ACTION ITEM:
Will you write out the data exactly, excluding every picture?

Segment Open

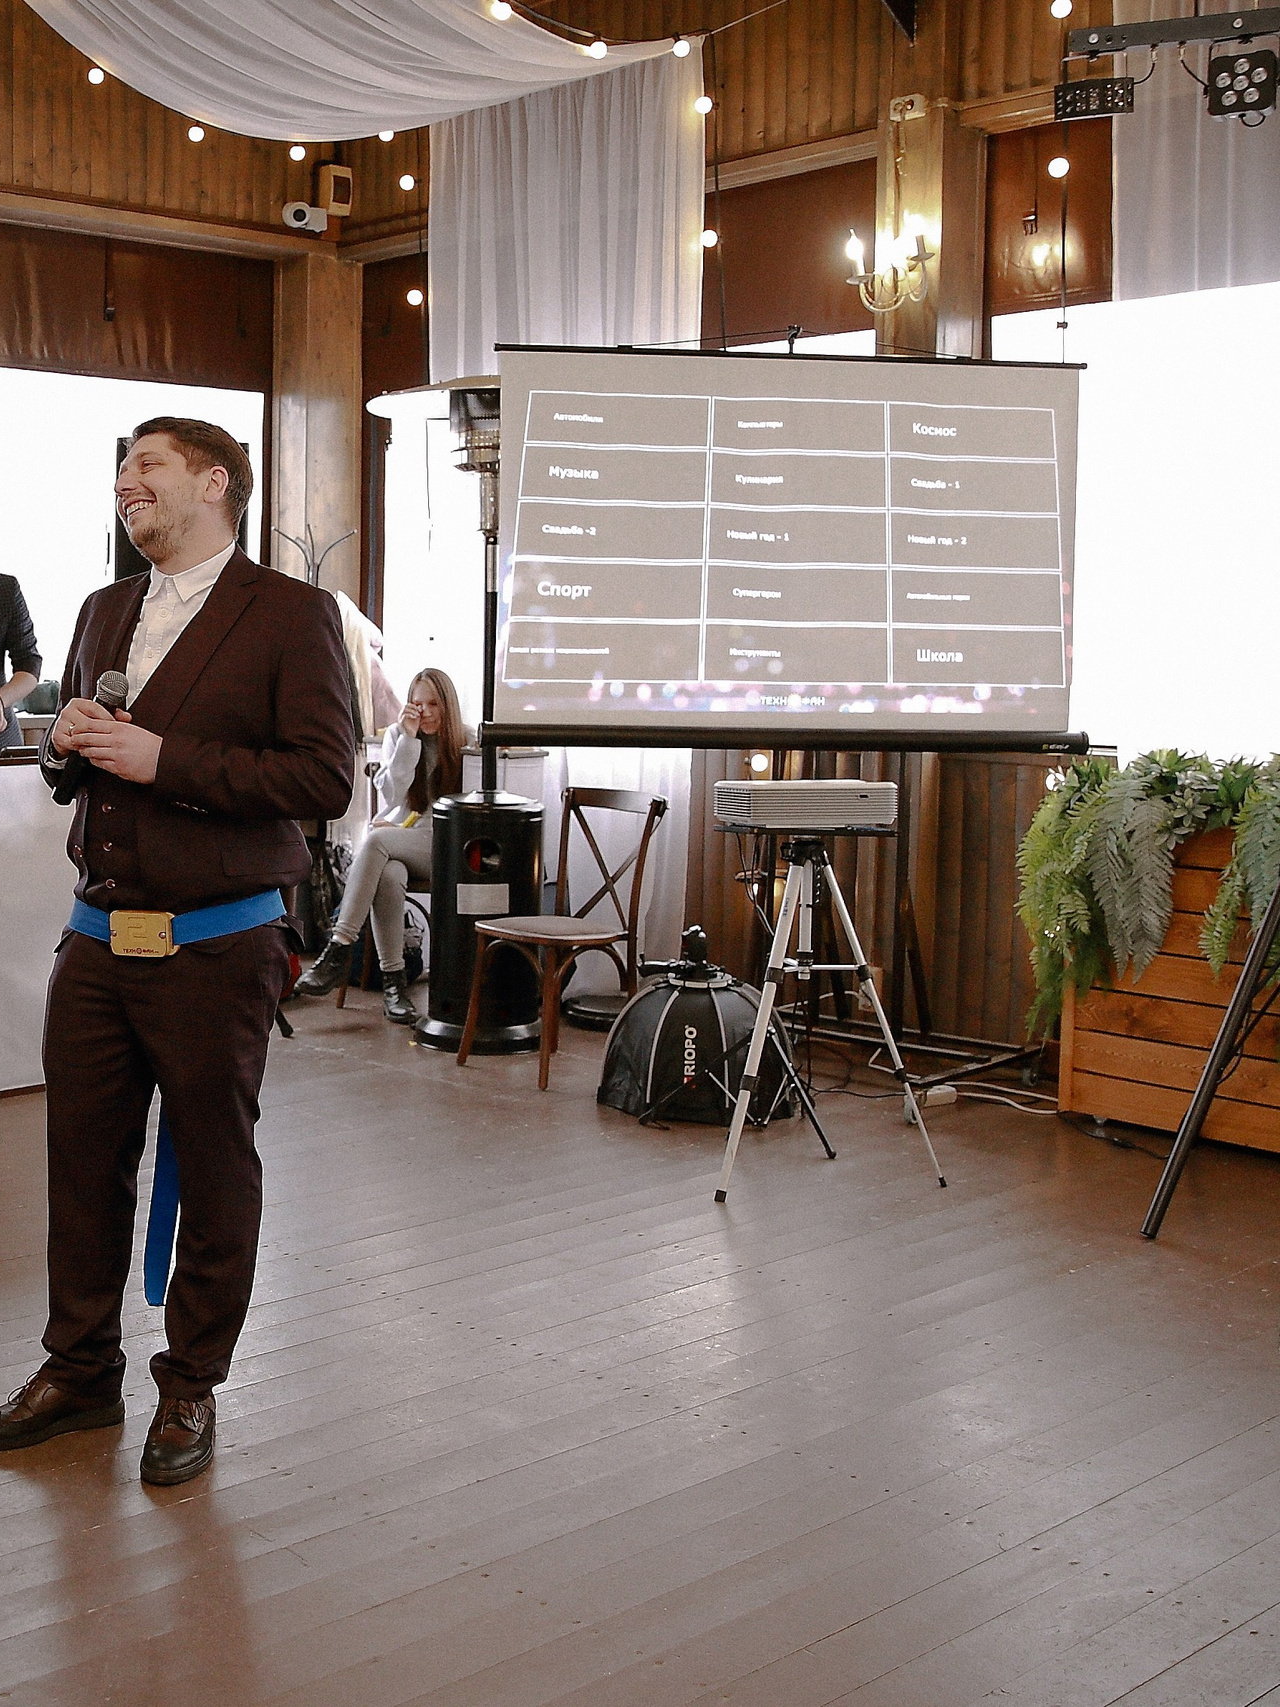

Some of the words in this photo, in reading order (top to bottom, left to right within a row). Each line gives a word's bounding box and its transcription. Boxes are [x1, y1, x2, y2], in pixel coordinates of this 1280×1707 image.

[912, 422, 957, 437] Космос
[548, 465, 600, 480] Музыка
[910, 478, 947, 489] Свадьба
[541, 524, 584, 536] Свадьба
[726, 529, 758, 541] Новый
[907, 534, 936, 545] Новый
[537, 581, 592, 600] Спорт
[916, 648, 964, 663] Школа
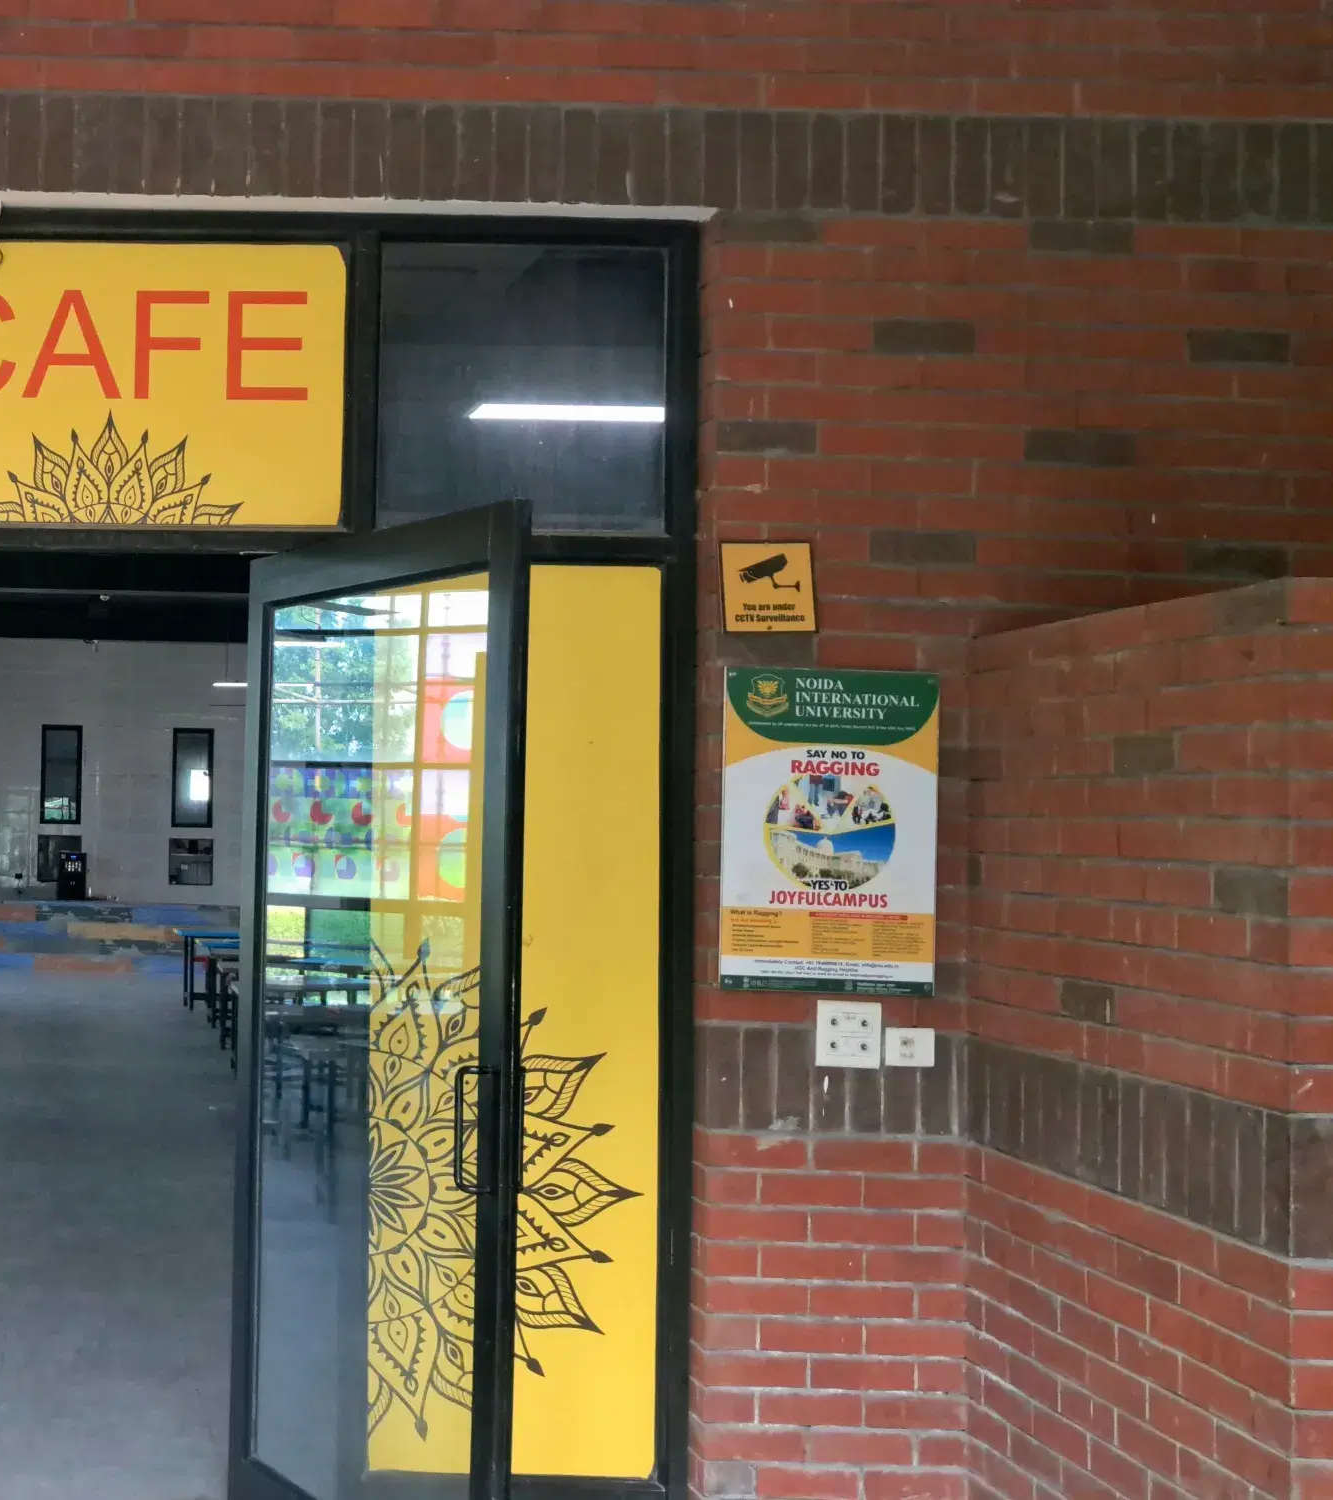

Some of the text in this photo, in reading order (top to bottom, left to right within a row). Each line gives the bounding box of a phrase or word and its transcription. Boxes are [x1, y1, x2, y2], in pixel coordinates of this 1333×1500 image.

[742, 602, 795, 611] You are under
[735, 614, 805, 622] CCTV Surveillance
[795, 678, 843, 690] NOIDA
[795, 692, 919, 707] INTERNATIONAL
[795, 705, 887, 720] UNIVERSITY
[806, 750, 865, 760] SAY NO TO
[790, 759, 880, 776] RAGGING
[811, 880, 848, 891] YES TO
[768, 890, 888, 908] JOYFULCAMPUS

Segment Closed

WRITTEN RESPONSE:
Some of the words in this photo, in reading order (top to bottom, left to right within a row). Each line gives a word's bounding box and its transcription. Boxes are [x1, y1, x2, y2], in pixel coordinates of this 1280×1707 image.

[912, 422, 957, 437] Космос
[548, 465, 600, 480] Музыка
[910, 478, 947, 489] Свадьба
[541, 524, 584, 536] Свадьба
[726, 529, 758, 541] Новый
[907, 534, 936, 545] Новый
[537, 581, 592, 600] Спорт
[916, 648, 964, 663] Школа

Some of the text in this photo, in reading order (top to bottom, left to right within a row). Each line gives the bounding box of a phrase or word and its transcription. Boxes are [x1, y1, x2, y2], in pixel coordinates of this 1333×1500 image.

[742, 602, 795, 611] You are under
[735, 614, 805, 622] CCTV Surveillance
[795, 678, 843, 690] NOIDA
[795, 692, 919, 707] INTERNATIONAL
[795, 705, 887, 720] UNIVERSITY
[806, 750, 865, 760] SAY NO TO
[790, 759, 880, 776] RAGGING
[811, 880, 848, 891] YES TO
[768, 890, 888, 908] JOYFULCAMPUS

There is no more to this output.